How the brain selects appropriate actions is a fascinating question that remains unknown. Choosing appropriate actions is not only crucial for our life but can, collectively, influence the course of our society. Furthermore, action-selection processes are impaired in addiction and neurodegenerative disorders, such as Alzheimer’s disease and Parkinson’s disease. Understanding how different neurons contribute to optimal action-selection in a genetically tractable experimental system will help us advance our knowledge of how the brain works, and what goes wrong in disease.

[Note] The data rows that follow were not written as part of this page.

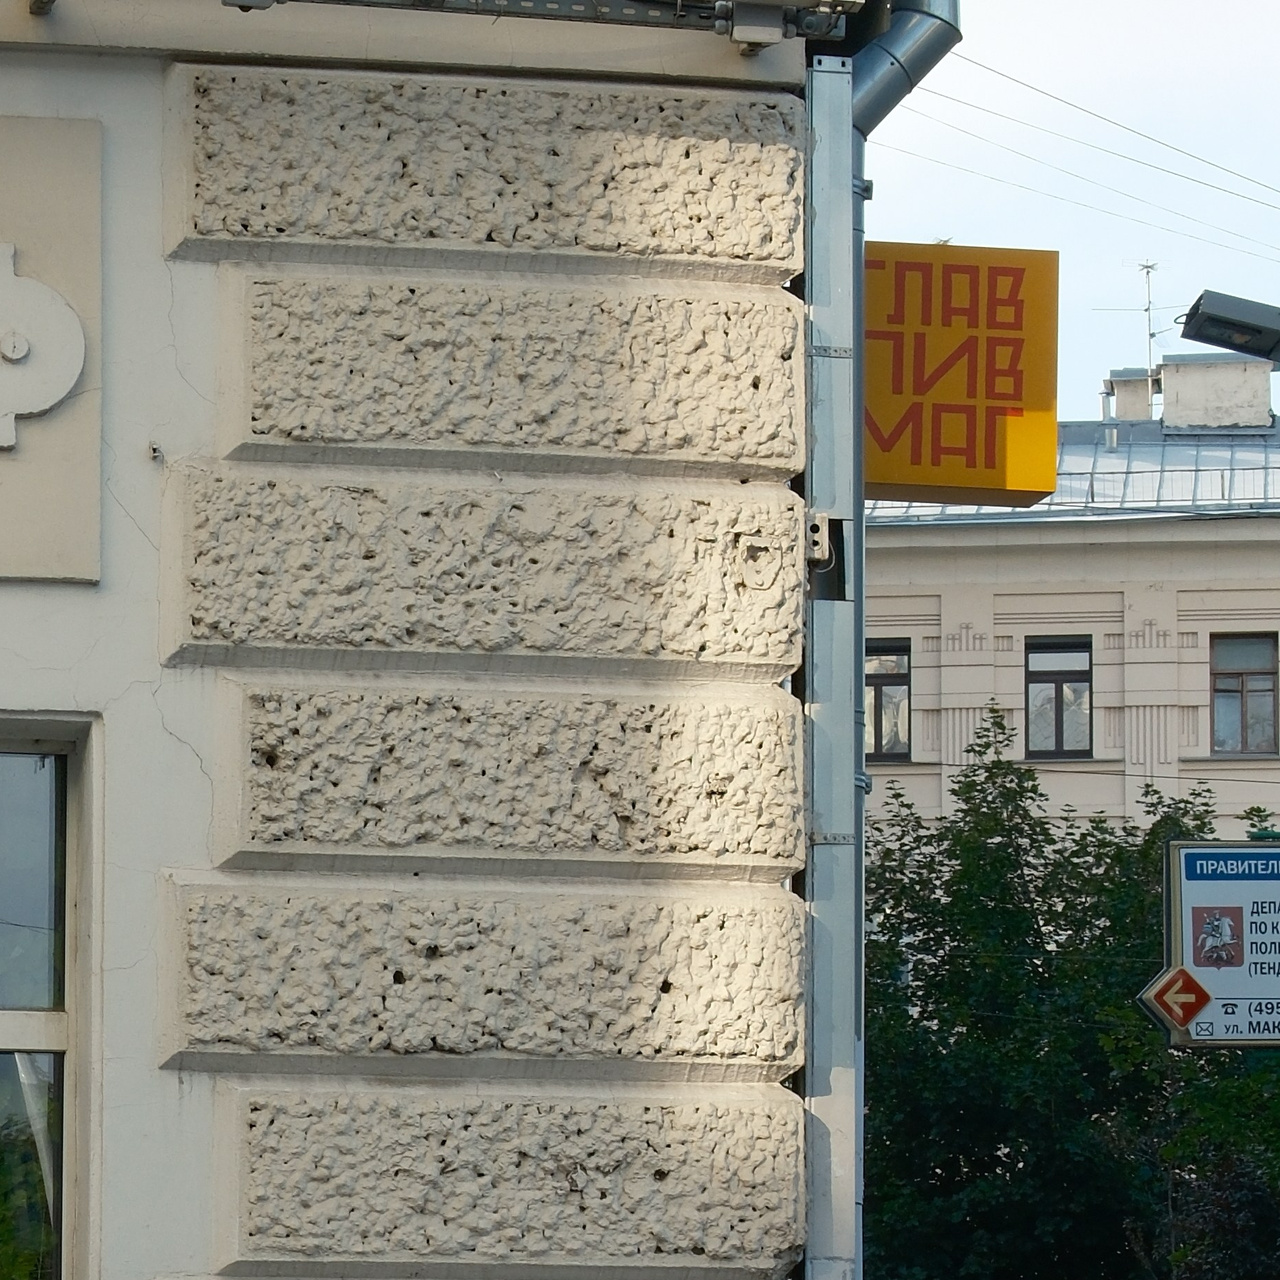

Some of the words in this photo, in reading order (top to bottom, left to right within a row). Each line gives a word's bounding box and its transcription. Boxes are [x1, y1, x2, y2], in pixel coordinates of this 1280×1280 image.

[865, 260, 1026, 331] ЛАВ
[1196, 859, 1280, 875] ПРАВИТЕЛ
[1250, 921, 1268, 935] ПО
[1250, 941, 1280, 955] ПОЛ
[1224, 1023, 1244, 1035] ул.
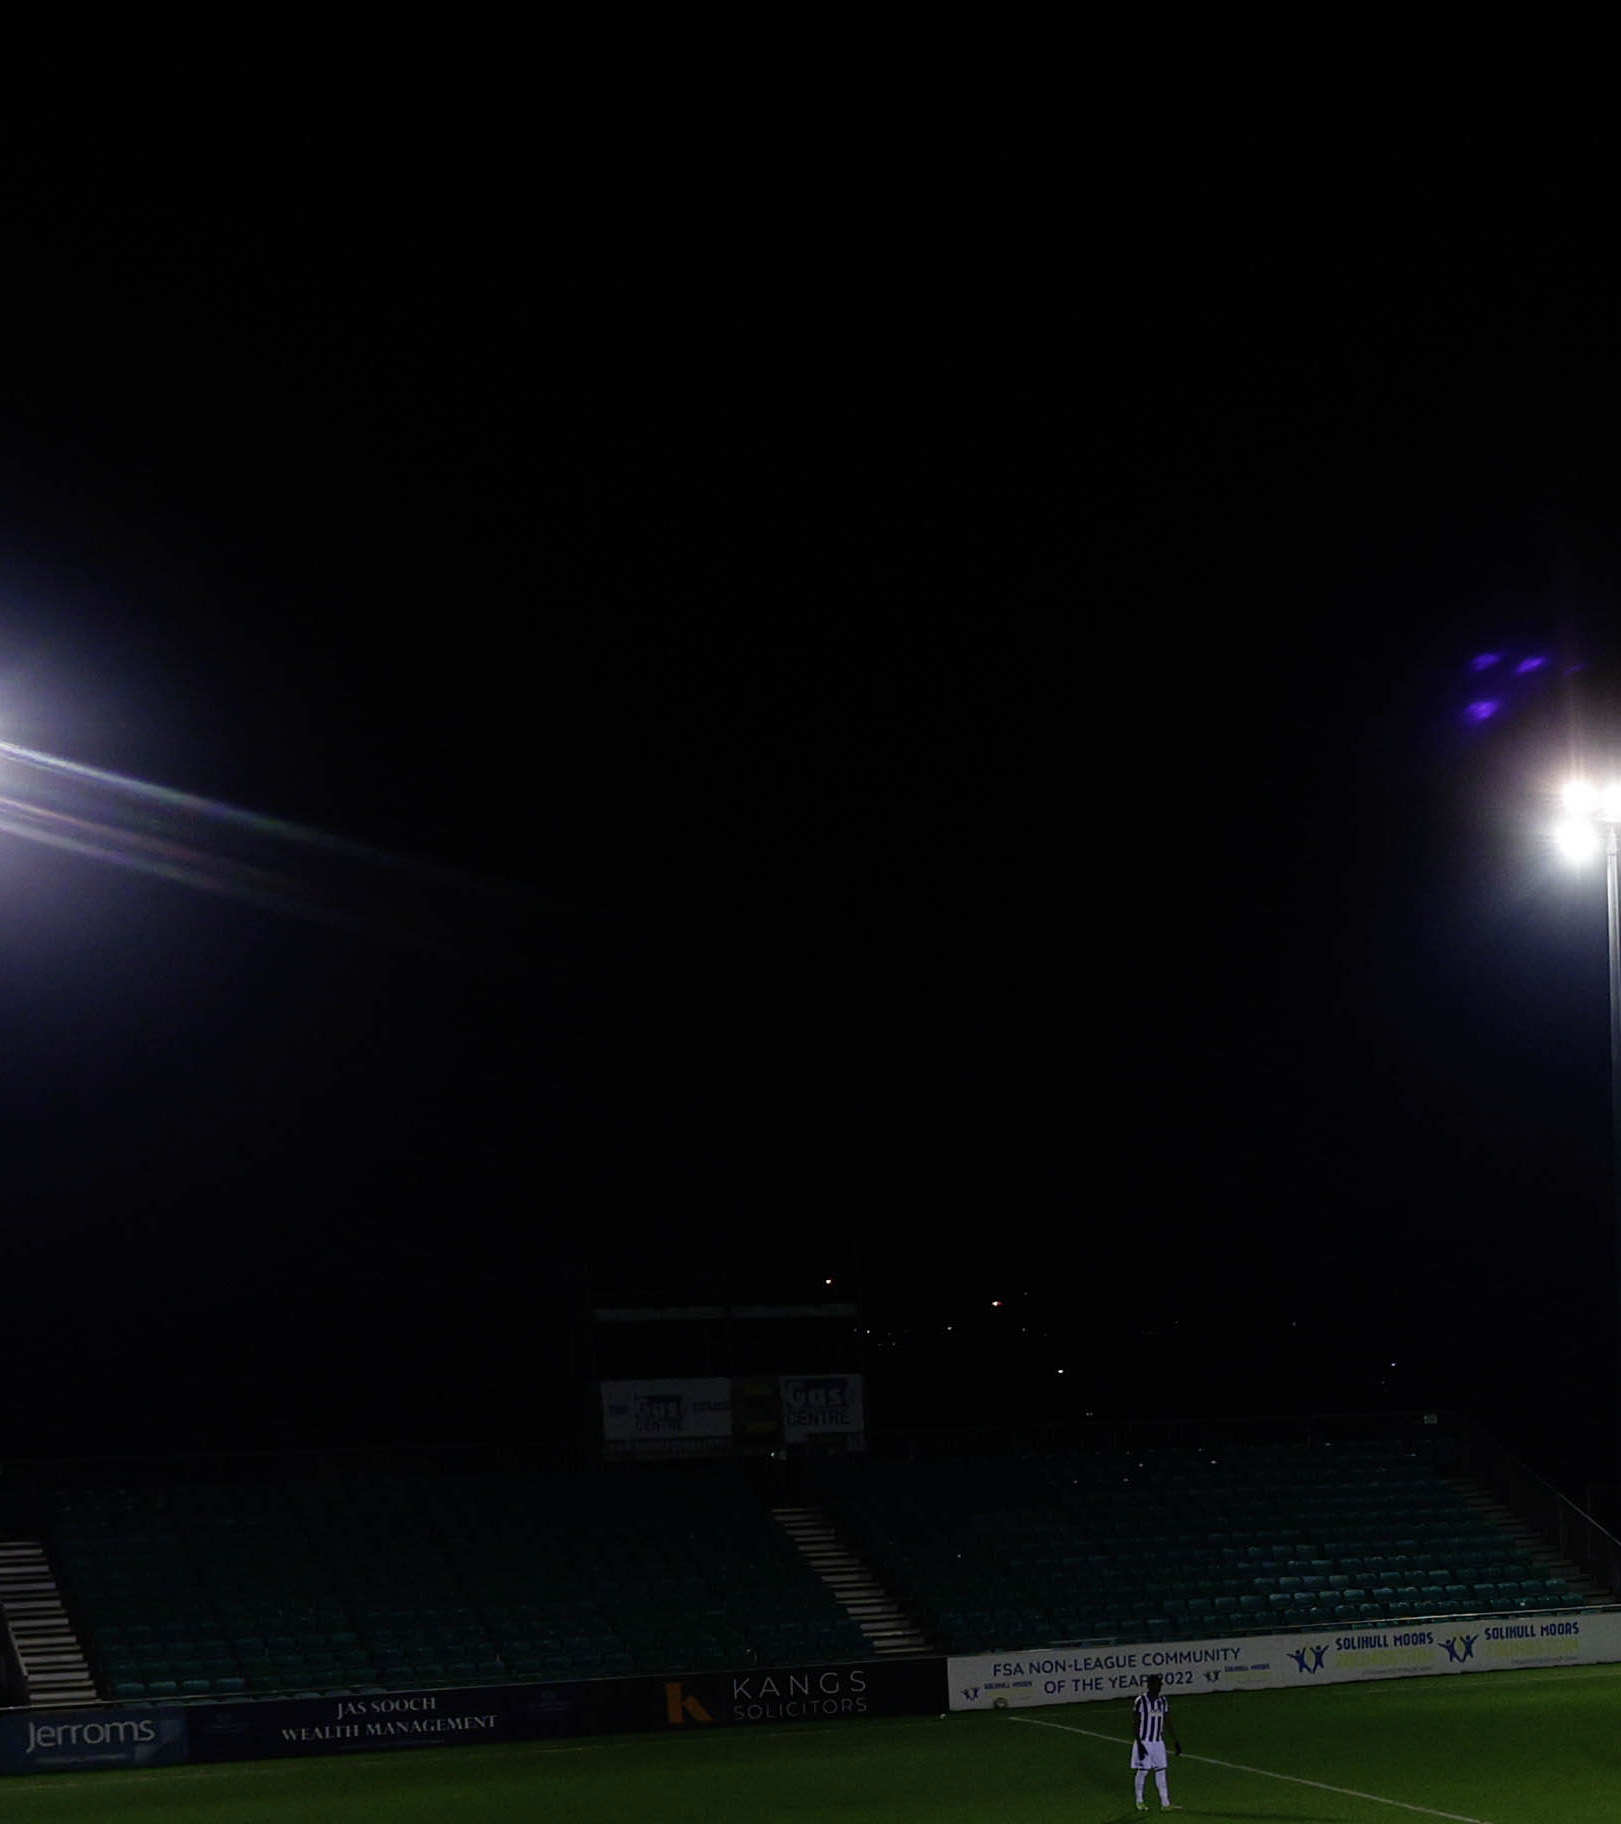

For information about research in our laboratory, please visit our lab webpage: https://www.rezavallab.org University webpage: https://www.birmingham.ac.uk/staff/profiles/biosciences/rezaval-carolina.aspx Watch a 3-minute video about Dr Rezaval’s past work: https://vimeo.com/177551510

How to apply: We accept applications from fully self-funded students all year. The deadline to apply for a funded-PhD position is 10 January 2021. Apply here https://warwick.ac.uk/fac/cross_fac/mibtp/pgstudy/phd_opportunities/application/submission
Select our PhD project ’How does the brain make decisions when faced with conflicting options?’ from https://warwick.ac.uk/fac/cross_fac/mibtp/pgstudy/phd_opportunities/neuroscience_behaviour

Please view the specific guidance on the Birmingham website: https://www.birmingham.ac.uk/research/activity/mibtp/index.aspx
Informal enquiries about the post should be directed to Dr Carolina Rezaval

Funding Notes

The Midlands Integrative Biosciences Training Partnership 2020 (MIBTP2020) is a BBSRC-funded doctoral training partnership between the Universities of Warwick, Birmingham, Leicester, Aston and Harper Adams. It delivers innovative, world-class research training across the Life Sciences to boost the growing Bioeconomy across the UK.